I'm looking for a specific latin or greek word that describes something like the inability to empathize with emotions that are not in line with one's current affective state. It could probably be described as a temporary or permanent deficit in affective perspective-taking that occurs when a person feels that their current emotional state is the only possible state, and that it is permanent.
For example, when someone is experiencing negative affect for some reason and then proceeds to act as if their day, or even life, is ruined, and that this negative affective state is the new norm. Or when someone is experiencing positive affect for some reason and then naively believes that "it will always be like this," perhaps getting very distraught when the positive feelings eventually go away but at the same time not being able to see this pattern from the outside or take long-term steps to prevent this type of roller coaster dynamic from continuing to manifest.

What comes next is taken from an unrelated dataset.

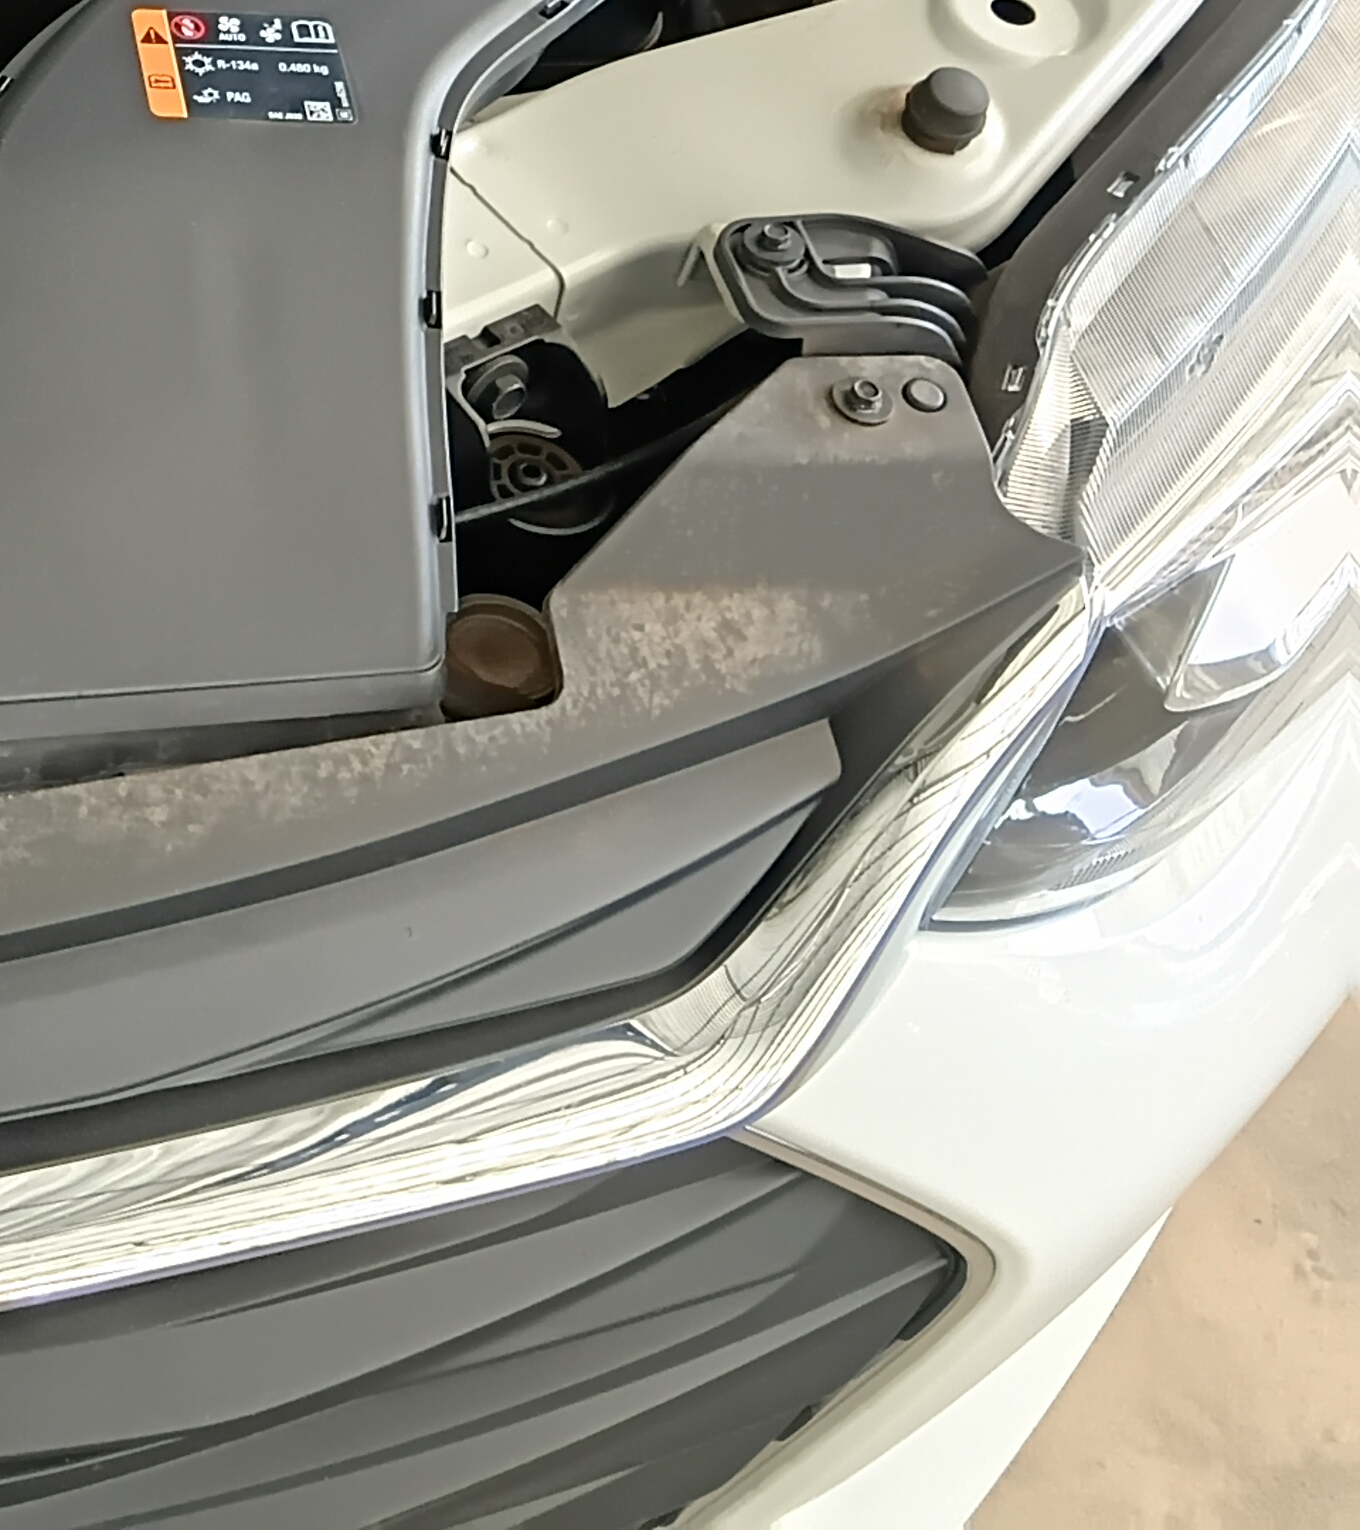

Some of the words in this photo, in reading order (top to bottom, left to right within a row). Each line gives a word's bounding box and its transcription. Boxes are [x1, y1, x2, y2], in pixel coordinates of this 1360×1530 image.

I have consulted various psychology resources and literature online but have not been able to, again, find the term which accurately captures this concept. I've found the following terms, "emotional myopia", "emotional reasoning", "anosognosia", "presentism", "presentist bias", and "egocentrism", which I feel are fairly close. But, apart from "emotional myopia" and perhaps "affective presentism", I feel the concepts I have found are either too general (egocentrism, emotional reasoning) or incorrect (alexithymia, affective agnosia).
The specific term I have previously seen is a single greek or latin word and is very specific, like the term "anosognosia". As a caveat, it might be worth saying that the description and example of the phenomena above might be slightly, but not vastly, out of sync with the term I am looking for.